Réflexions sur la végétothérapie et la biodynamique du toucher

Introduction — Le corps comme langage oublié

Il existe des mots qui n’ont pas besoin d’être prononcés.

Le souffle, la tension, le relâchement, les micro-mouvements du corps les expriment à leur manière, souvent plus sincèrement que le discours.

La végétothérapie caractéro-analytique, initiée par Wilhelm Reich dans les années 1930, a été l’une des premières approches à considérer le corps comme un espace de mémoire inconsciente. Reich y voyait une continuité entre la psyché et le soma : les émotions refoulées ne disparaissent pas, elles s’inscrivent dans la musculature, dans la respiration, dans le tonus de la peau.

Mon intention ici n’est pas de « refaire » de la psychologie, ni de prétendre à une science nouvelle, mais d’observer — par le toucher, la respiration et la présence — comment le corps peut redevenir un lieu d’autorégulation et de compréhension.

1. Le corps comme miroir neurovégétatif

Tout déséquilibre émotionnel ou physique se manifeste dans la respiration et le tonus.

Le système nerveux autonome, composé du sympathique (action, tension, défense) et du parasympathique (repos, intégration, relâchement), régule en permanence cet équilibre.

Lorsqu’un individu traverse un stress chronique, le sympathique domine : le cou se raidit, le thorax se verrouille, le bassin perd sa mobilité. Ces cuirasses musculaires sont les équivalents physiques des défenses psychiques : elles retiennent l’émotion, mais privent aussi le corps de son mouvement naturel.

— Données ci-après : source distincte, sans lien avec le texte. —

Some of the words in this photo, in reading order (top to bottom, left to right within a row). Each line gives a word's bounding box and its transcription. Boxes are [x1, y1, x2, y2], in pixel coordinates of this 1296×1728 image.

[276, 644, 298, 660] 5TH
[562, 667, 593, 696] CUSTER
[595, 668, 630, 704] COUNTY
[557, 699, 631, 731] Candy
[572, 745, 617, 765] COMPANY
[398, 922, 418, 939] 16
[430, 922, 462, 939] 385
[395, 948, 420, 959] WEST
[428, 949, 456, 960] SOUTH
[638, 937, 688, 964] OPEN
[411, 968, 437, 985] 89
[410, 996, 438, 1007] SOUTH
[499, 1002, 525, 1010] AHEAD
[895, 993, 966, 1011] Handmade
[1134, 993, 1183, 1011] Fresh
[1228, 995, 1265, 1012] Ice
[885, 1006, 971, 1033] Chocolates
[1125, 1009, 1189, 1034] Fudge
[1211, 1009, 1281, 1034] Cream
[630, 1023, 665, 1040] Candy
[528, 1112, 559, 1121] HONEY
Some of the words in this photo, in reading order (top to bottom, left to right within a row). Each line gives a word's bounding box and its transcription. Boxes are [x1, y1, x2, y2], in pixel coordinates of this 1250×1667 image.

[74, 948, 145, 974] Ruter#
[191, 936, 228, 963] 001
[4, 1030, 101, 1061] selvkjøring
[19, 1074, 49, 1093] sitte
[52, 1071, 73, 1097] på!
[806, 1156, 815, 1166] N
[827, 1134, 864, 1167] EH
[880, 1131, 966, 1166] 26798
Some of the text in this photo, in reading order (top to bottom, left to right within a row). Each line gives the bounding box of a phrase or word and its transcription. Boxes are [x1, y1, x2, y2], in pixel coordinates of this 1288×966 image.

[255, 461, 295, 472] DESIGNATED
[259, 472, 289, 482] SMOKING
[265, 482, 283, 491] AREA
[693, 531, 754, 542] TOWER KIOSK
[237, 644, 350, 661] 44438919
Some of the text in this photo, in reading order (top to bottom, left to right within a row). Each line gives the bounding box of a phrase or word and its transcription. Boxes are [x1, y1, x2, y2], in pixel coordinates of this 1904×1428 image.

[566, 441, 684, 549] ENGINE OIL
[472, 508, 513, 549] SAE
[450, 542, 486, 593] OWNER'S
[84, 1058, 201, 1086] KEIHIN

Dans ma pratique, j’observe comment le massage ciblé et la respiration consciente peuvent rétablir la fluidité de ce système : la peau se réchauffe, le souffle s’allonge, les tissus se réorganisent.

Le relâchement tissulaire ne se limite pas à la mécanique ; il ouvre un espace de confiance où le système neurovégétatif retrouve sa cohérence.

2. Le silence du cabinet : la parole du souffle

Le silence, dans une séance, n’est pas vide.

C’est un espace de communication subtile où le mental s’efface et où la respiration devient le seul dialogue nécessaire.

Lorsqu’un client entre dans une détente profonde, le corps commence à « parler ». Ce sont des soupirs, des tremblements, des mouvements involontaires, parfois des larmes silencieuses. Le praticien n’interprète pas ; il écoute avec les mains.

Ce moment de bascule — entre relâchement et ouverture — est peut-être la forme la plus pure de la biodynamique : l’énergie vitale, ou « végétative », reprend son cours naturel, sans contrainte ni volonté.

Gerda Boyesen décrivait ce phénomène par la notion de psychopéristaltisme : ces sons ventraux discrets qui signalent une digestion émotionnelle, la libération du système nerveux autonome.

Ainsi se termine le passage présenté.